▶ [Given records]:
• • • • • • •

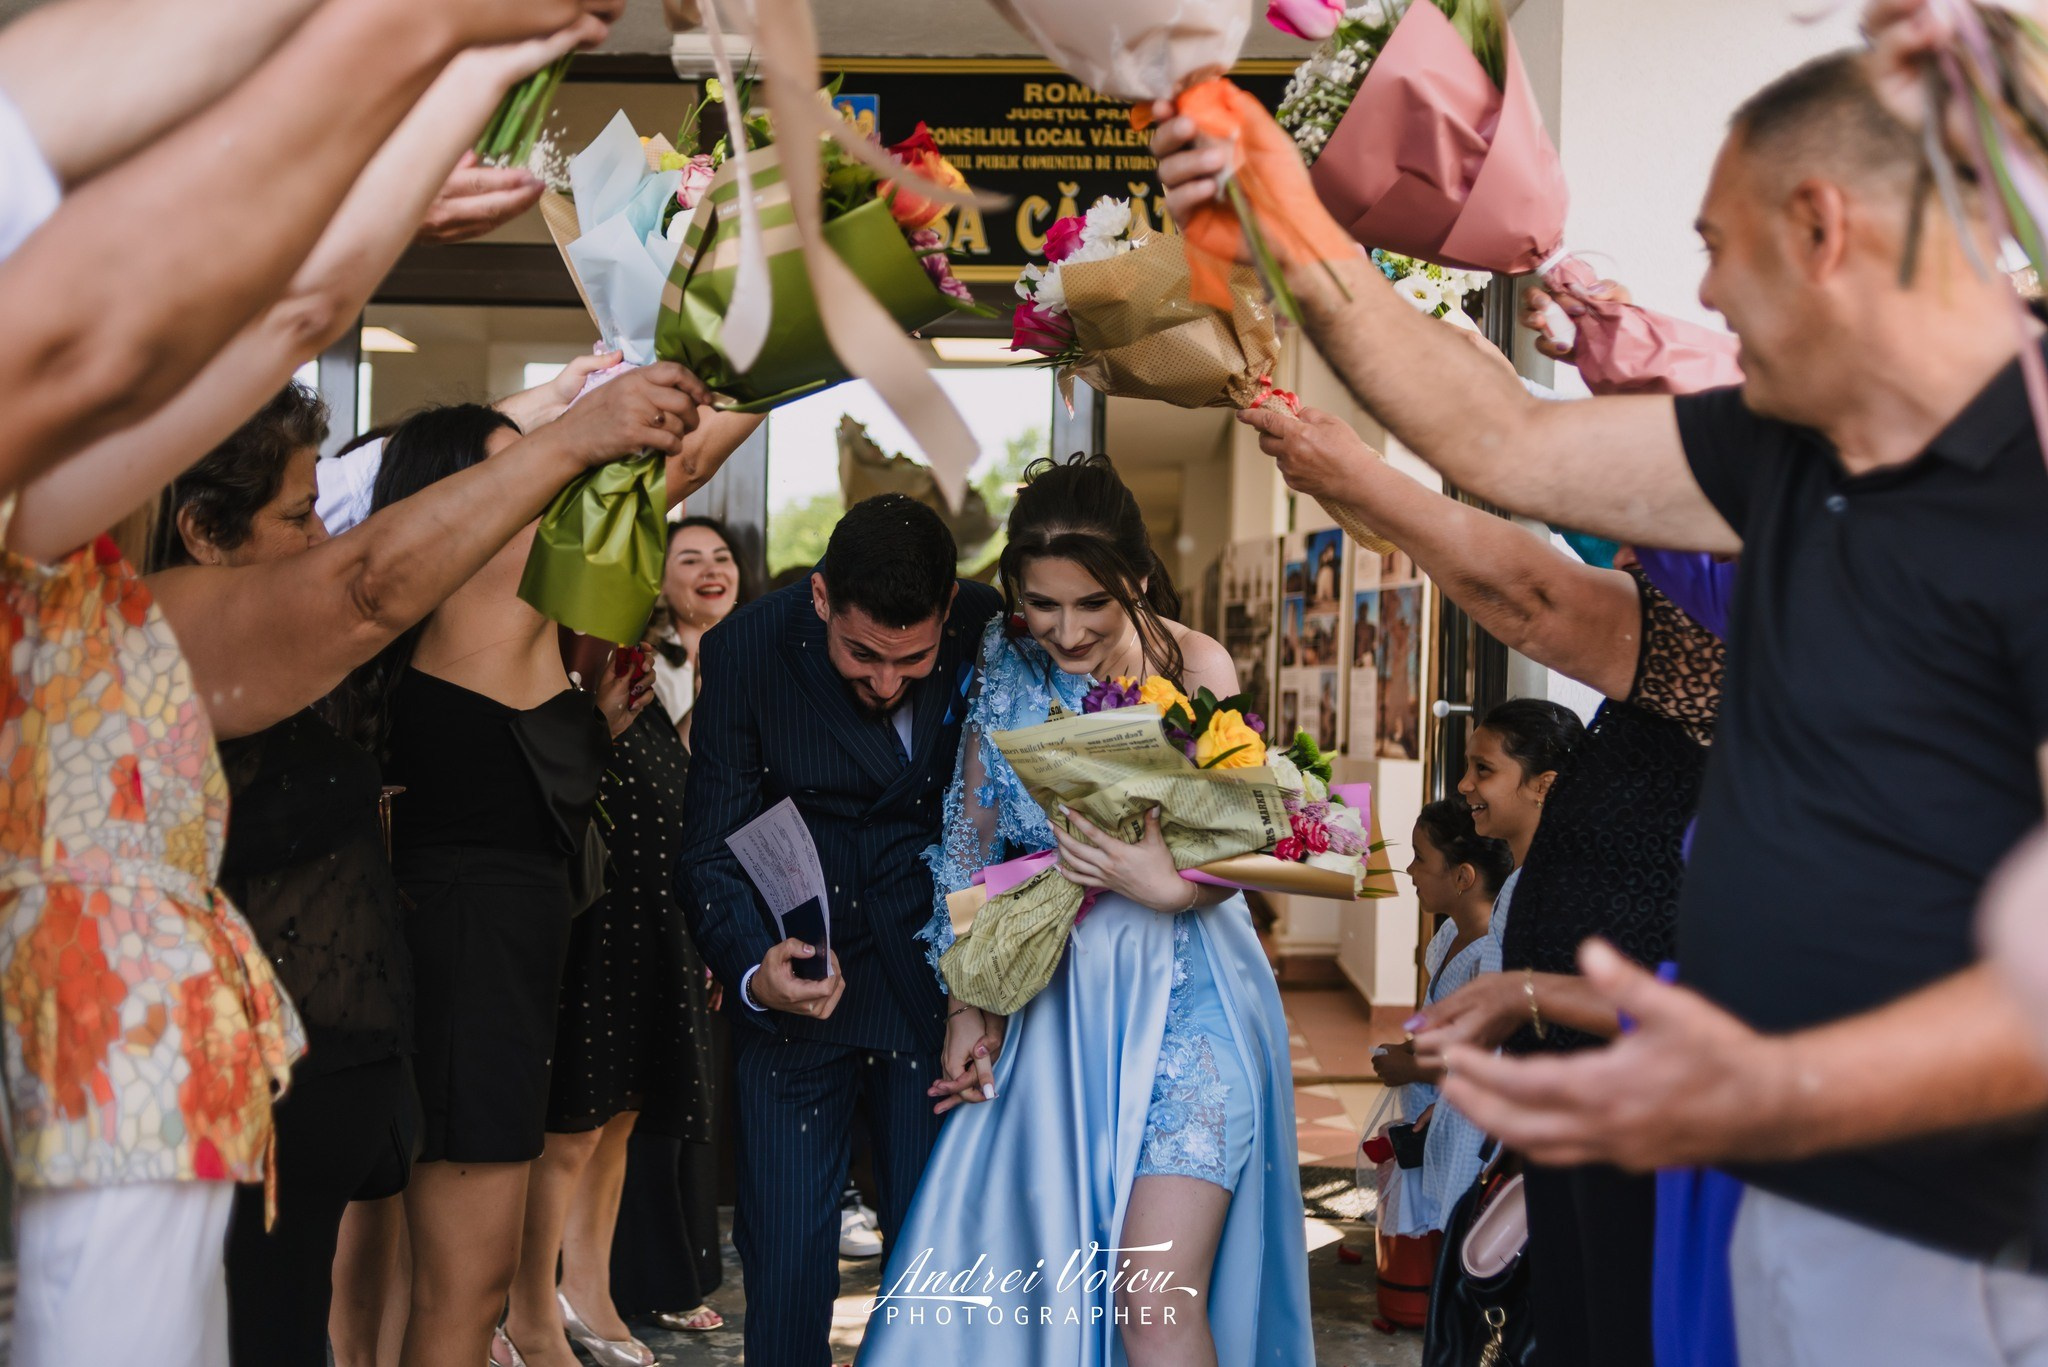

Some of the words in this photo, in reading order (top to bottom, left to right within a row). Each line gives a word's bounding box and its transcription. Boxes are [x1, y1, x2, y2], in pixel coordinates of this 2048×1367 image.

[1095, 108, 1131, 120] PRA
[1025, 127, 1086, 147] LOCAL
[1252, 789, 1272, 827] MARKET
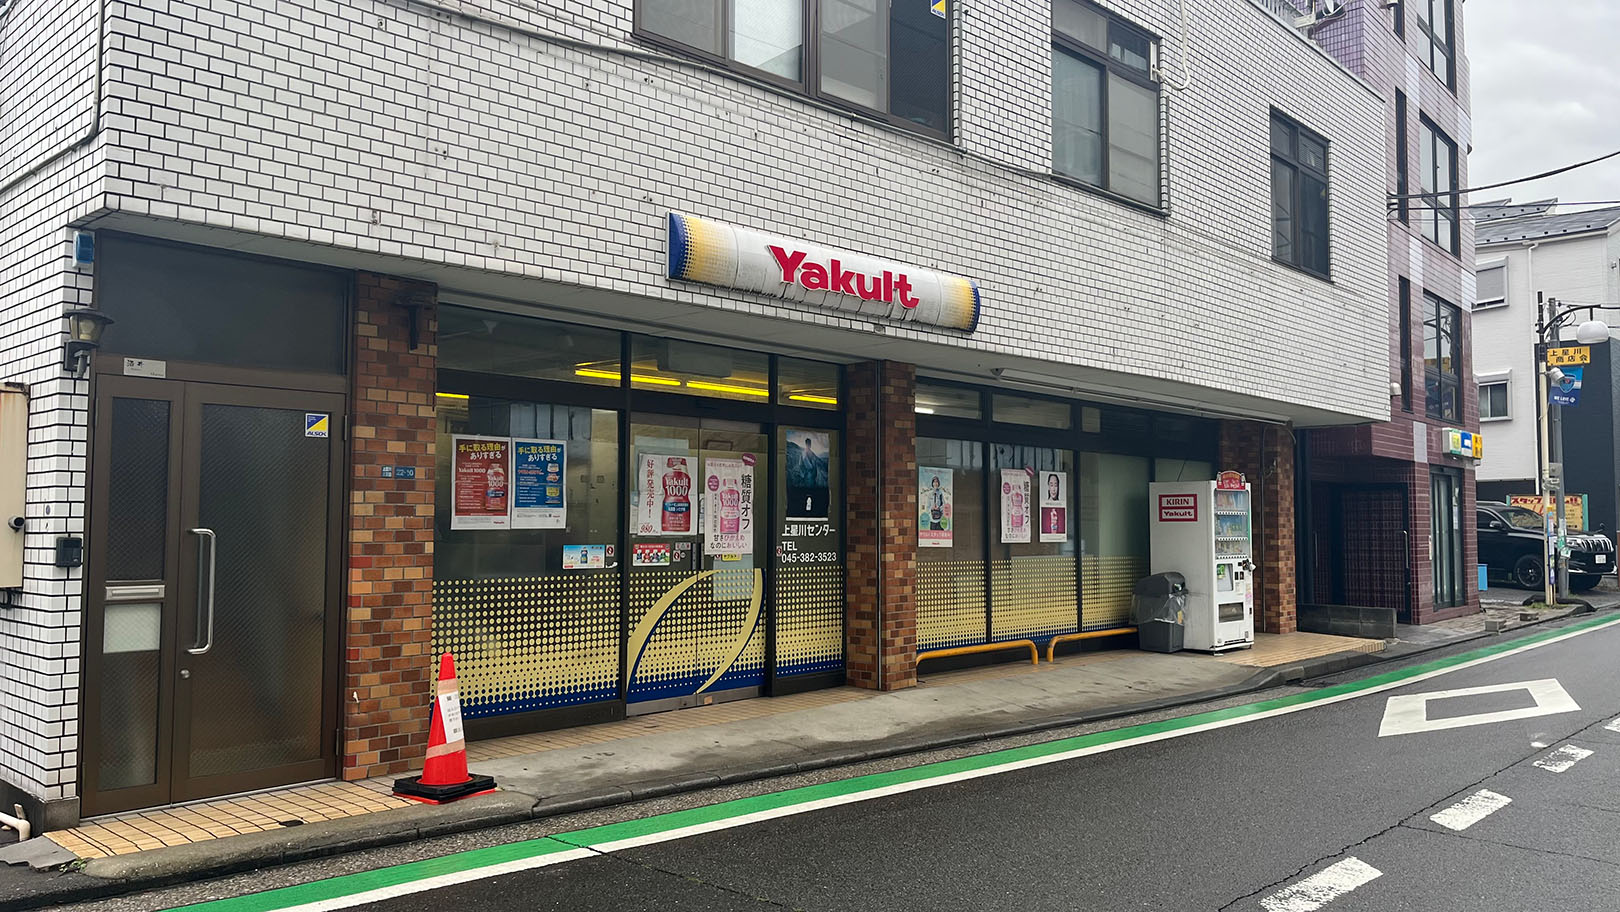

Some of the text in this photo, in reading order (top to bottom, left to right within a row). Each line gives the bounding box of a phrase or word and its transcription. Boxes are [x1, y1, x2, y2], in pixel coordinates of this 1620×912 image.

• • • • • • •

▶ [Task goal]: Each record must be quoted in full and exactly. Do not include the pictures.

▶ [Result for this exercise]:
Some of the words in this photo, in reading order (top to bottom, left to right within a row). Each line gives a word's bounding box and its transcription. Boxes are [x1, y1, x2, y2], in pixel coordinates of this 2048×1367 image.

[1095, 108, 1131, 120] PRA
[1025, 127, 1086, 147] LOCAL
[1252, 789, 1272, 827] MARKET

Some of the text in this photo, in reading order (top to bottom, left to right within a row). Each line gives the bounding box of a phrase or word and its transcription. Boxes are [x1, y1, x2, y2], in pixel coordinates of this 1620×912 image.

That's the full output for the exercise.